Every manager receives those telephone calls.
Very often the call occurs just before the start of an employee’s shift. Sometimes, it’s a voicemail message left at 3:16 in the morning. The gravelly voice. The cough and cleared throat. The strain in every word. “I … won’t … be … in … today” or the even more sheepishly apologetic, “I’m so sorry (pause), but I don’t think I’ll be able to (longer pause) make it in today.”
Listen any more closely and you would think you might catch whatever bug has felled the employee.
Usually the manager just makes a note of the absence, shifts job duties around as necessary, and goes on with the day. But every so often, there’s a situation that plants some seeds of doubt in a manager’s head. It could be, for instance, the realization that it’s a Friday. And didn’t that same employee call in sick exactly three weeks prior — on another Friday?
In fact, isn’t this employee absent only on Fridays and Mondays, and usually only gets colds or the flu during baseball season?
Sometimes employers with suspicions that an employee is abusing sick leave by calling in sick when perfectly healthy will pay a private investigator to follow and spy on the absent worker. Indeed, the practice appears to be increasing, coinciding with an increase of employees abusing sick leave.
According to a report cited by Business Week, there has been a nearly 20 percent increase between 2006 and 2008, from 37 percent to 57 percent, in the number of salaried employees who took sick leave when they were not really sick.
Anecdotes regarding these investigators’ assignments are amusing. For instance, there was the employee who called in sick with the flu for three consecutive days. However, she was followed by an investigator to a major amusement theme park. The investigator’s job was made all the easier when the employee rode three dare-devil roller coasters, which had cameras strategically placed to take pictures at certain hair-raising points on the ride. The investigator purchased the pictures, each date stamped, which were made available for public purchase at nearby kiosks.
On the other hand, employers attempting to keep tabs on their employees can be out-witted, especially by the more technically savvy employees. One employer thought it was clever by issuing its employees cell phones with a GPS tracking system. One employee, worthy of Ferris Buehler comparisons, wanted to play hooky from a business trip and simply shipped his cell phone to the hotel.
How do courts feel about this clandestine behavior by employers?
When the Seventh Circuit spoke on this issue, in the case of Vail v. Raybestos Products Company, 553 F.3d 904 (7thCir.2008), it found the surveillance tactics a little distasteful, but nevertheless gave them a green light.
Vail v. Raybestos involved a third-shift employee who suffered migraines. She was approved for intermittent medical leave. For her employer, a red flag was raised when it noticed that her migraines often crept up on short notice, as she would call in just prior to the beginning of her shift. Further, during the summer months, her leave requests increased in frequency.
The employer also knew that Vail’s husband operated a lawn-mowing business, and spring and summer were obviously prime mowing seasons. Given all this, Raybestos became suspicious and decided to probe a little further into what Vail was doing while on leave. To that end, Raybestos engaged the services of an off-duty police officer to monitor her.
Sure enough, not long after, Vail called prior to one of her shifts to say that she would not be able to make it in due to the onset of a migraine. She provided the company with a doctor’s note that stated that she was not to work for the next 24 hours. However, the following morning, Vail was observed leaving her house, filling up two lawn mowers at a nearby gas station, and taking them to one of her husband’s job sites, where she and another person mowed the lawn.
That afternoon, Vail called in to Raybestos, saying that she would be out again that evening due to the onset of another migraine.

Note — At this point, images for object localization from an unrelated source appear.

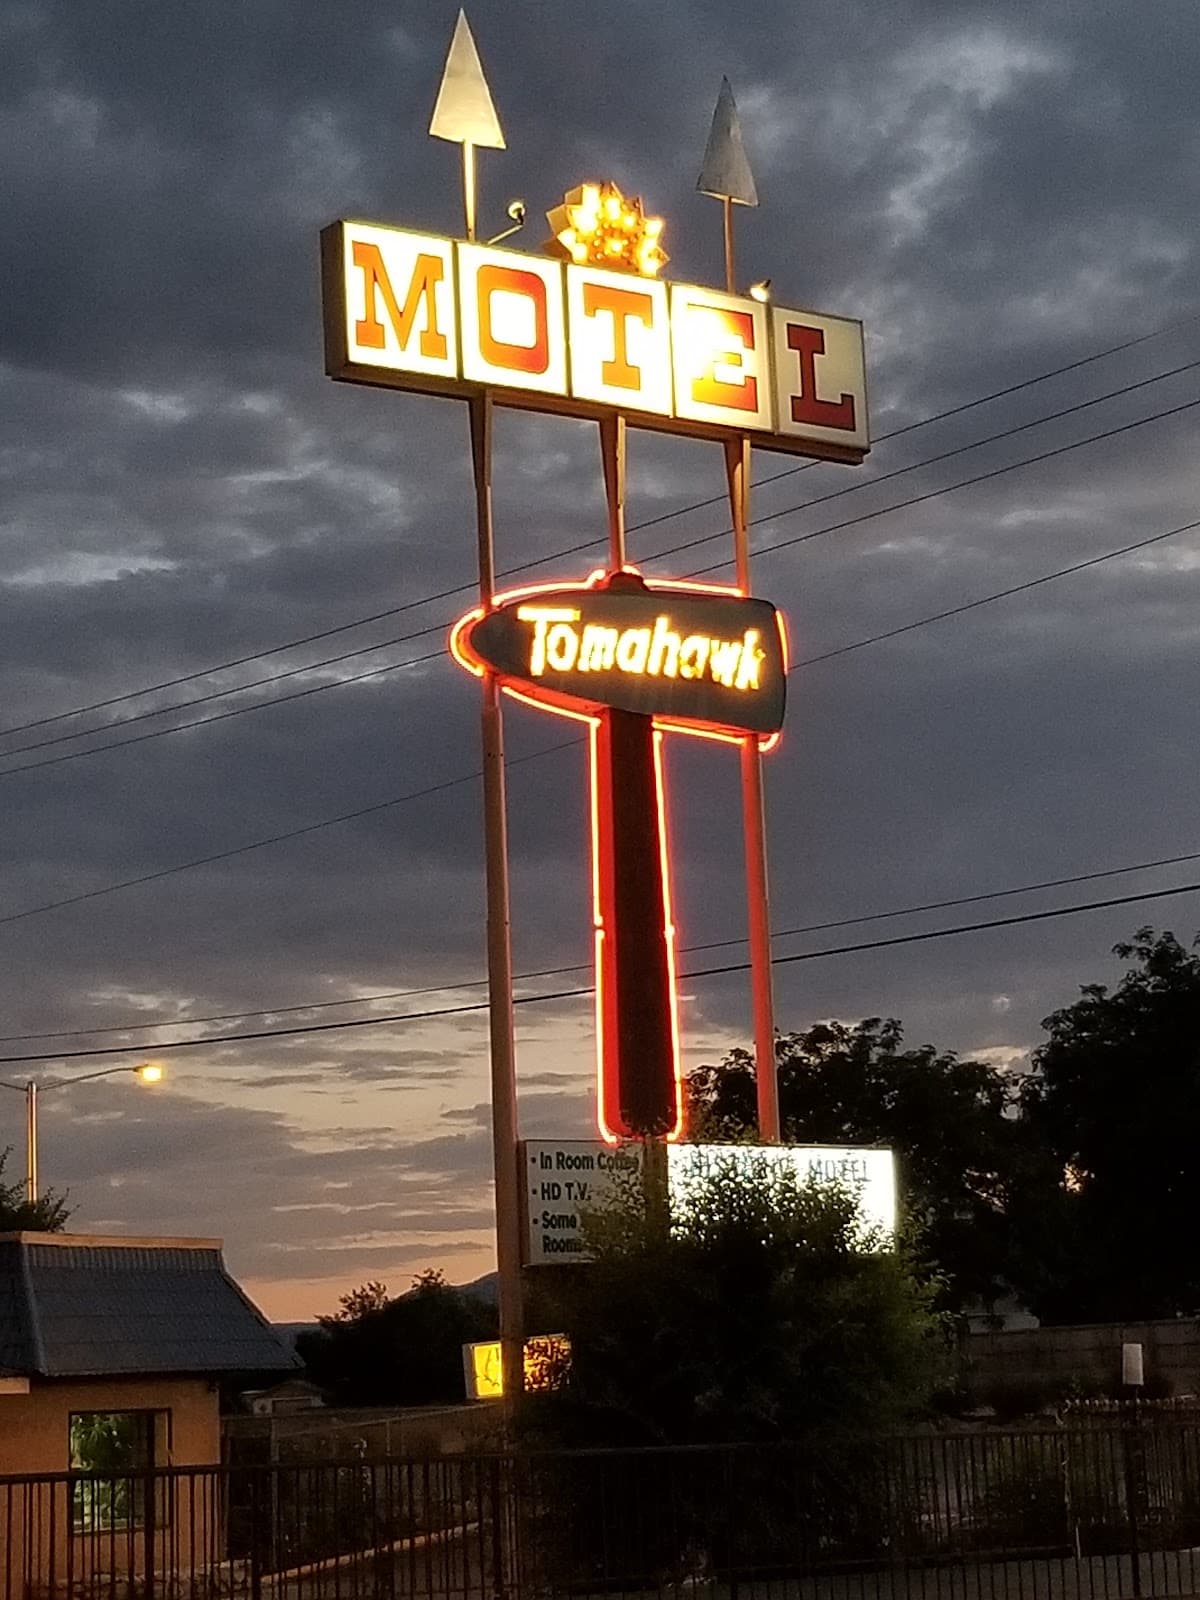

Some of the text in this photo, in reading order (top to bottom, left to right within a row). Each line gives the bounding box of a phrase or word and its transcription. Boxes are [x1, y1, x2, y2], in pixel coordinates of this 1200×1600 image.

[351, 240, 856, 433] MOTEL
[516, 605, 767, 691] Tomahawk
[540, 1151, 553, 1169] In
[556, 1151, 594, 1170] Room
[541, 1182, 561, 1200] HD
[542, 1210, 577, 1229] Some

Vail’s employment was terminated, and she sued the company, claiming that it had violated the Family Medical Leave Act by interfering with her rights by terminating her employment. The district court granted summary judgment in favor of Raybestos, which was affirmed by the Seventh Circuit.

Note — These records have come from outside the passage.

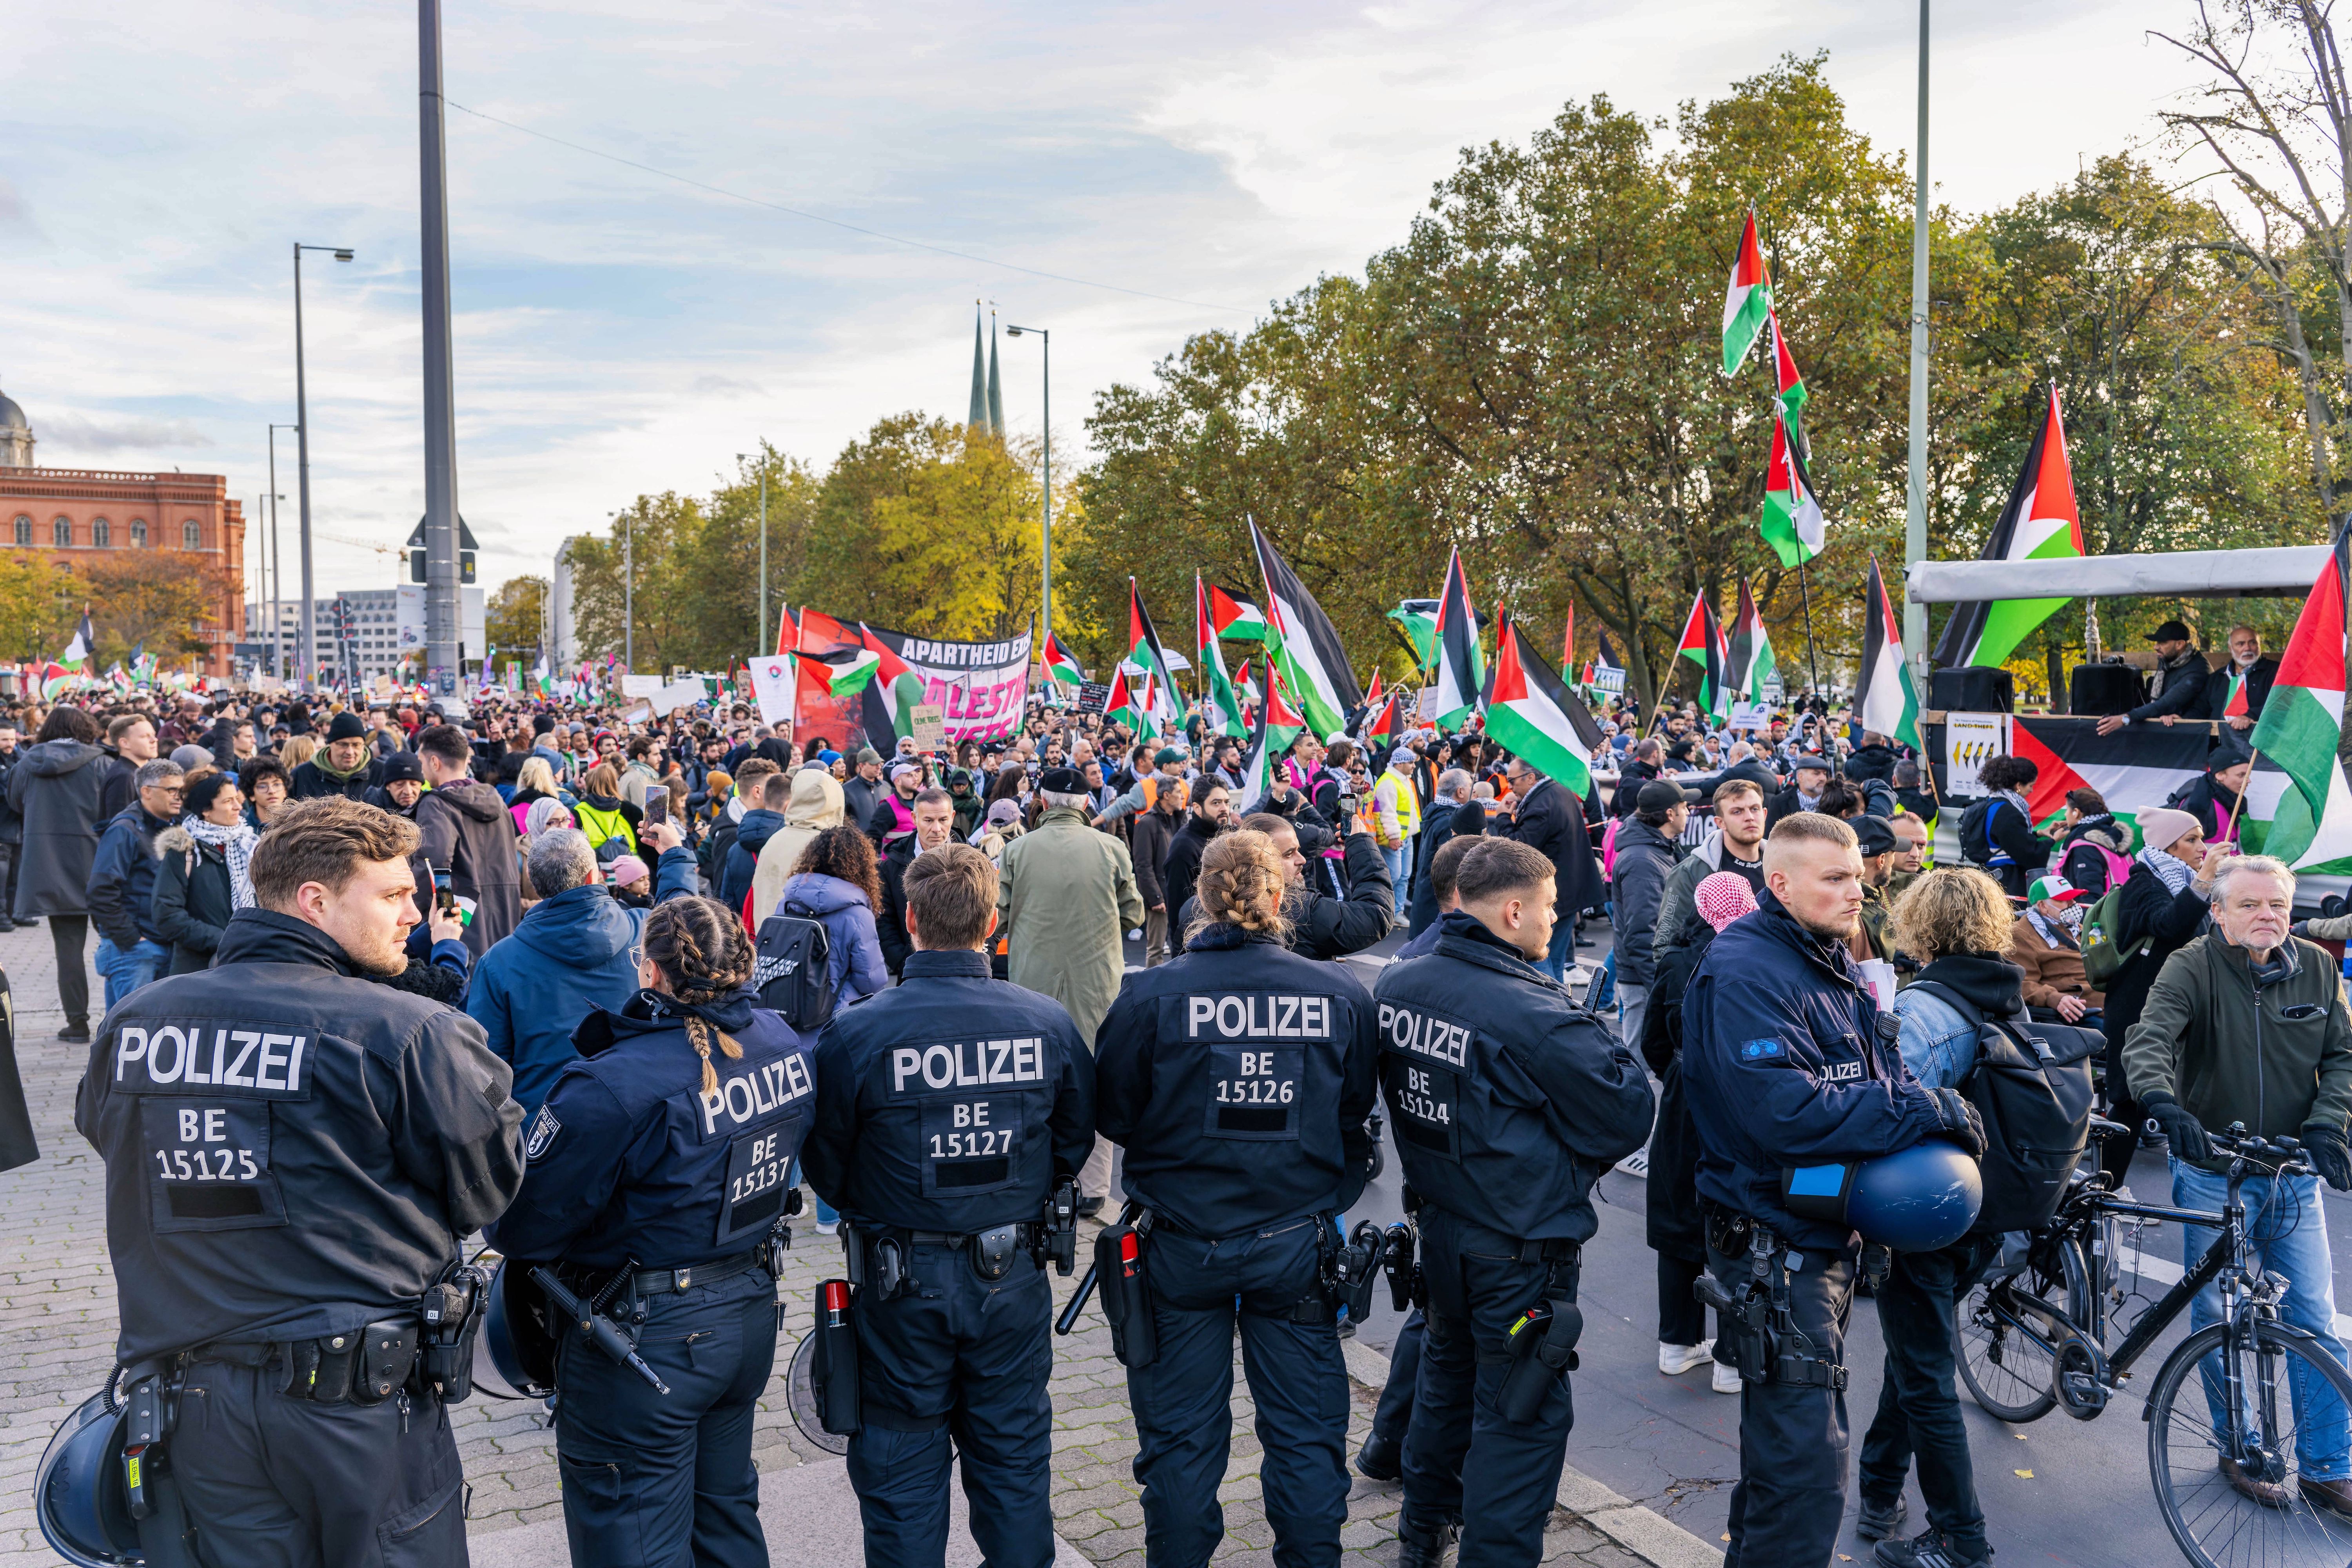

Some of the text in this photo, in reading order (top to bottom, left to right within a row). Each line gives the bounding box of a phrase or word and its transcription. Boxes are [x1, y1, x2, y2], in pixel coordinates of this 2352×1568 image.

[901, 639, 1010, 666] APARTHEID
[1679, 815, 1717, 846] tine
[1734, 858, 1745, 867] Los
[1190, 996, 1329, 1037] POLIZEI
[1379, 1004, 1470, 1067] POLIZEI
[117, 1026, 306, 1091] POLIZEI
[893, 1038, 1043, 1091] POLIZEI
[1241, 1052, 1274, 1076] BE
[1819, 1062, 1862, 1082] OLIZEI
[698, 1052, 813, 1134] POLIZEI
[1217, 1080, 1293, 1103] 15126
[1408, 1067, 1430, 1096] BE
[540, 1109, 557, 1132] POLIZEI
[954, 1102, 989, 1127] BE
[1398, 1089, 1450, 1125] 15124
[179, 1109, 226, 1142] BE
[751, 1132, 777, 1167] BE
[931, 1130, 1012, 1158] 15127
[156, 1149, 258, 1180] 15125
[731, 1155, 789, 1203] 15137

As the Seventh Circuit stated in its decision, “Though the use of an off-duty police officer to follow an employee on leave may not be preferred employer behavior,” it was not unlawful for Raybestos to have engaged in that conduct.
Regardless of the fact that it is lawful, businesses that employ surveillance tactics may want to take into consideration the impact on employee morale if workers learn of the use of such tactics. Further, perhaps the best lesson to be drawn: If you ever call in sick, you may want to peek out the window and see if there are any suspiciously inconspicuous cars parked across the street.